Posted on Oct 05, '23

Introduction

This has been long quoted as a fundamental book every software engineer should read. And it did live upto my expectations. The book said it would discuss big ideas and what stood out to me was how well structured it was.



Book Overview

The three pillars of systems - reliabilty, scalability and measurability

Reliability. Error-proof. Tolerating hardware and software faults, human errors. The system should continue to work correctly (performing the correct function at the desired level of performance) even in the face of adversity (hardware or software faults, and even human error).

Scalability Measuring load and performance. Latency percentiles, throughput. As the system grows (in data volume, traffic volume, or complexity), there should be reasonable ways of dealing with that growth. See “Scalability”.

Maintainability Operability, simplicity and evolvability. As more people work on it, to maintain and grow - they should be able to work on this productively.

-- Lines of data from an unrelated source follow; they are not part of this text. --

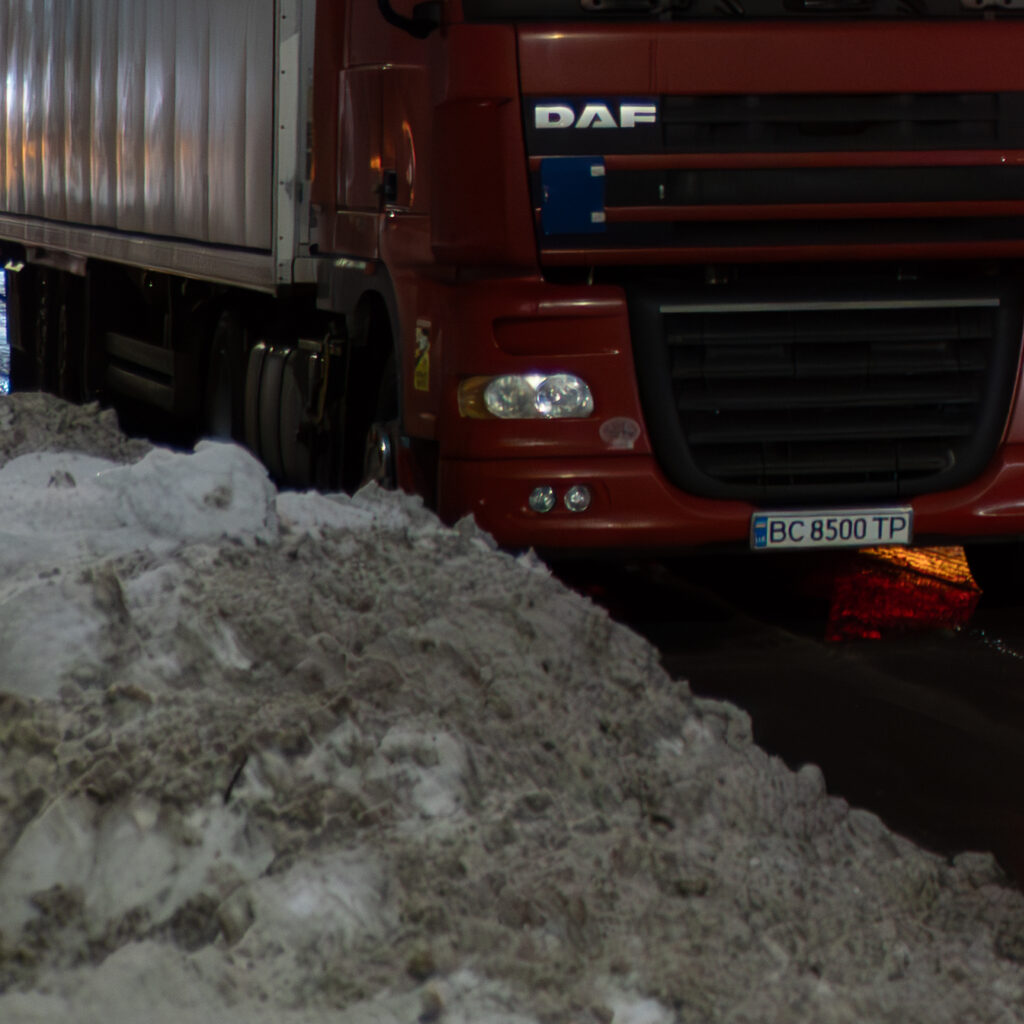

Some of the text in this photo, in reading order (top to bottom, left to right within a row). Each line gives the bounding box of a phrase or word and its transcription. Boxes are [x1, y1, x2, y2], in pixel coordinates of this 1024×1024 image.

[534, 103, 657, 130] DAF
[770, 520, 805, 543] BC
[810, 518, 867, 541] 8500
[872, 516, 906, 539] TP
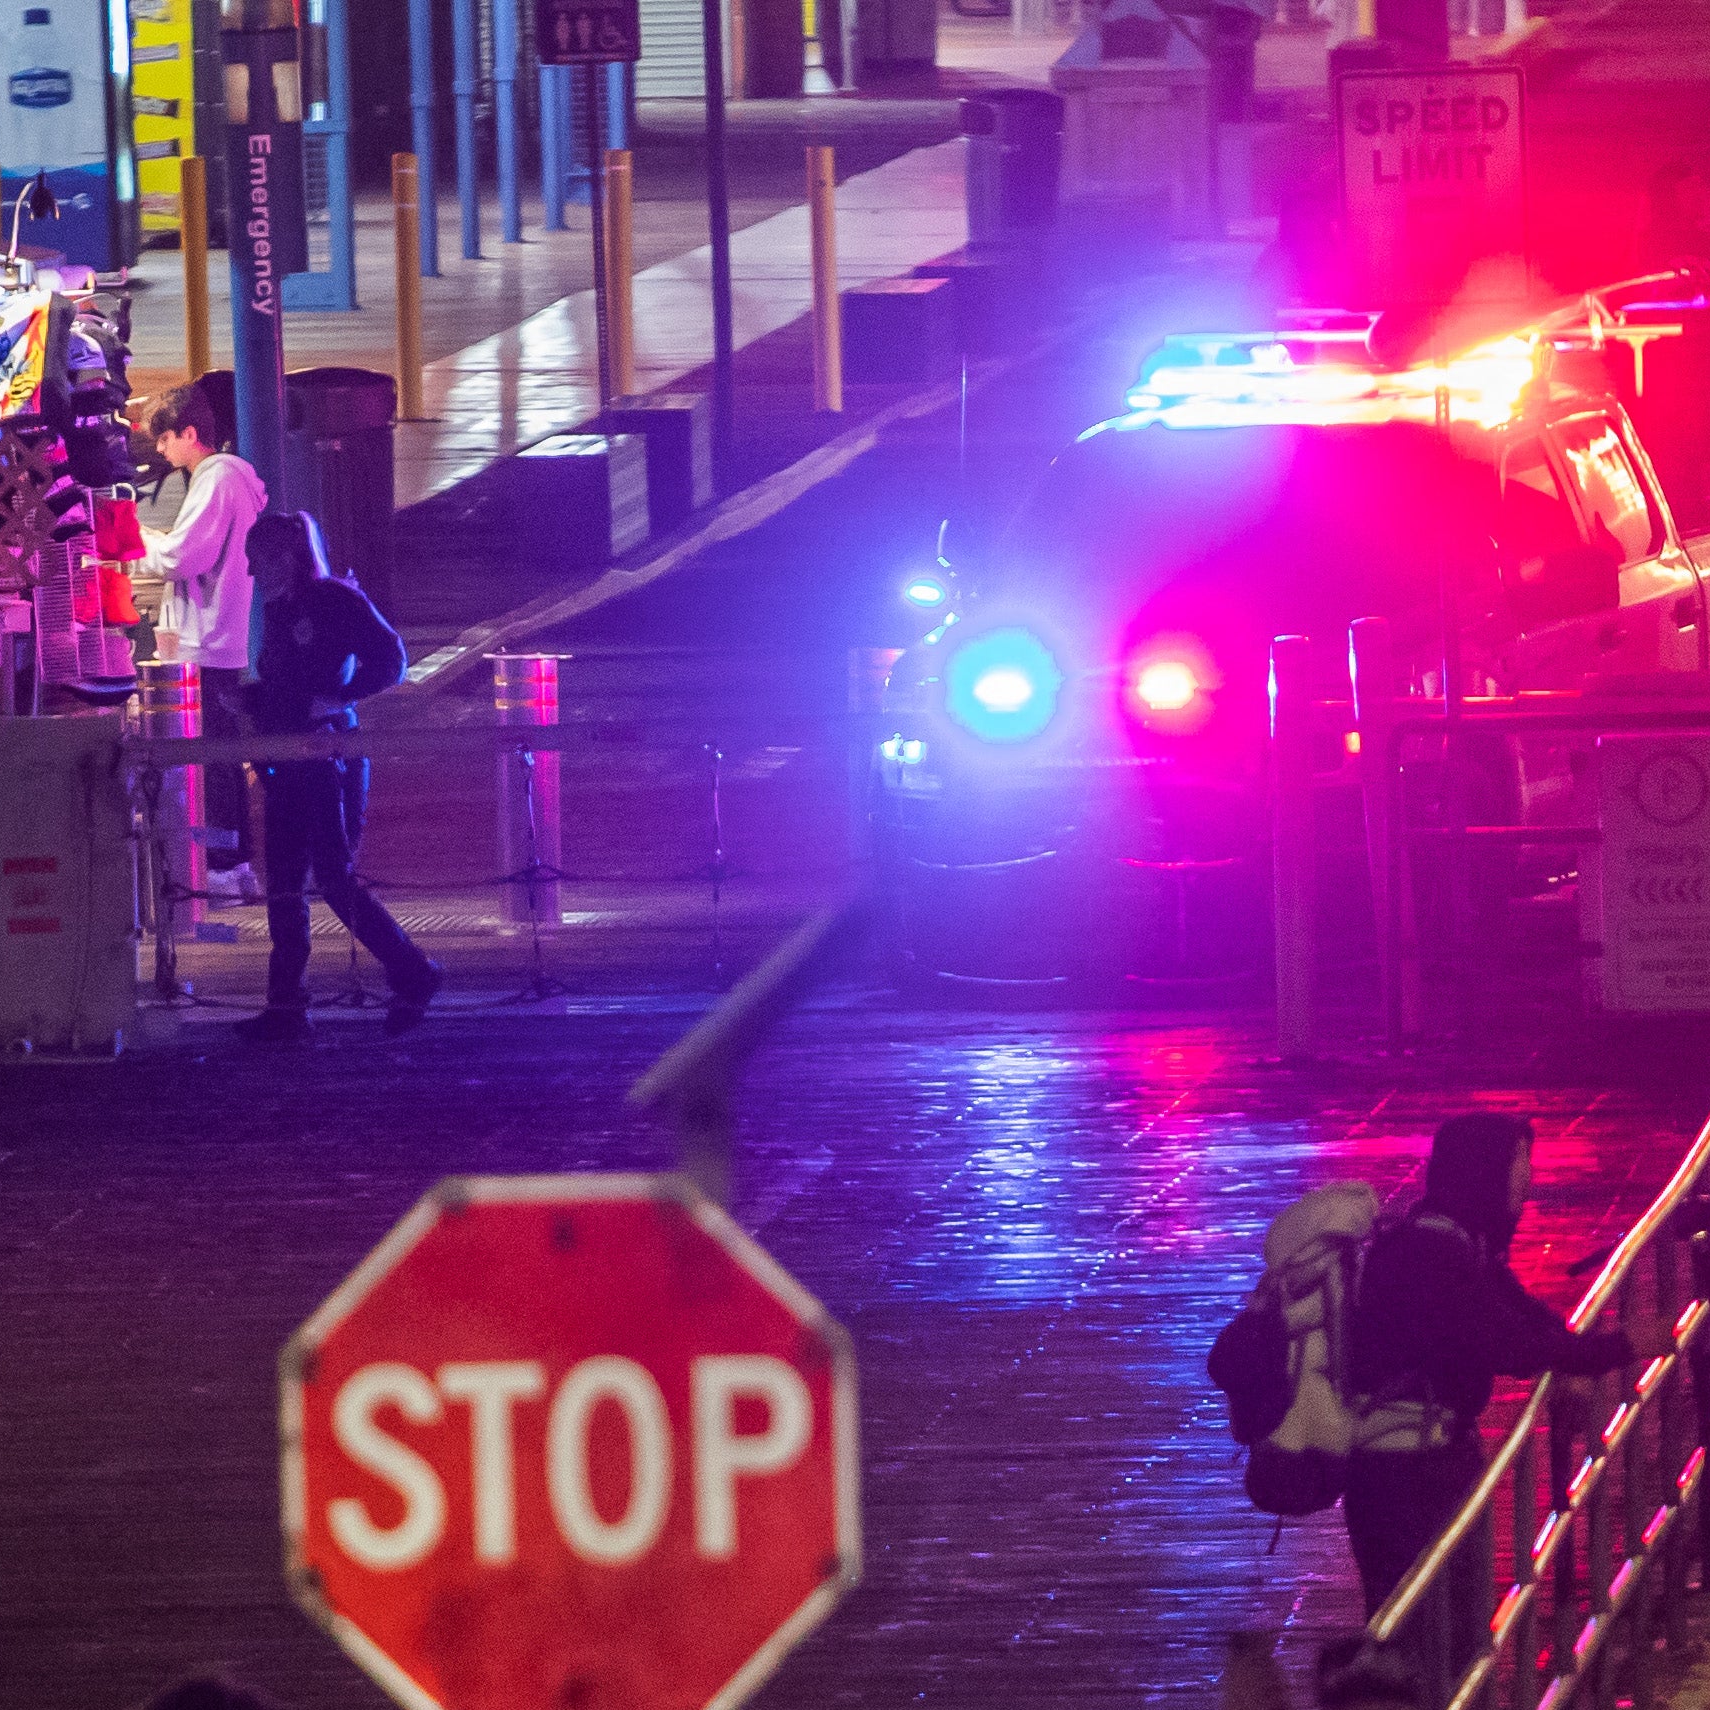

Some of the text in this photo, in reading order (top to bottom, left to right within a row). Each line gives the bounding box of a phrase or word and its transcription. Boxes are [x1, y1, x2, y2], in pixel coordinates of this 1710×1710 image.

[1355, 96, 1509, 135] SPEED
[1373, 143, 1492, 184] LIMIT
[247, 134, 275, 315] Emergency
[328, 1353, 815, 1571] STOP

Data Systems are painfully obvious. They need repeated implementations of the same type of functionality:

  • Store and recover data - databases
  • Memorize heavy computation - caches
  • Search for data - search indexes
  • Process data elsewhere asynchronous - data queues / stream processing
  • Process large amounts of accumulated data - batch processing

Thinking about data

Why are data models important? Because they determine how we think about and understand the data at hand.

What is the main function of a data model? To abstract away the complexities and inner workings of a given layer. Describe the history of different data models. Historically, we started with hierarchical data models. However, they didn’t capture entity-entity relationships well. Hence, in the 1970s, Edgar Codd proposed the SQL data models, with tuples and relationships between the tuples. This worked great for business transaction processing, and later for a lot of other applications. However, in the 2010s, developers felt restricted by the strictness of SQL schemas and explored more free-form data models like NoSQL, better known as Document databases. They worked well for capturing data with not many interlinks between the entities. Another database that came into popularity was Graph databases, for addressing the other spectrum of data, with many cross-links.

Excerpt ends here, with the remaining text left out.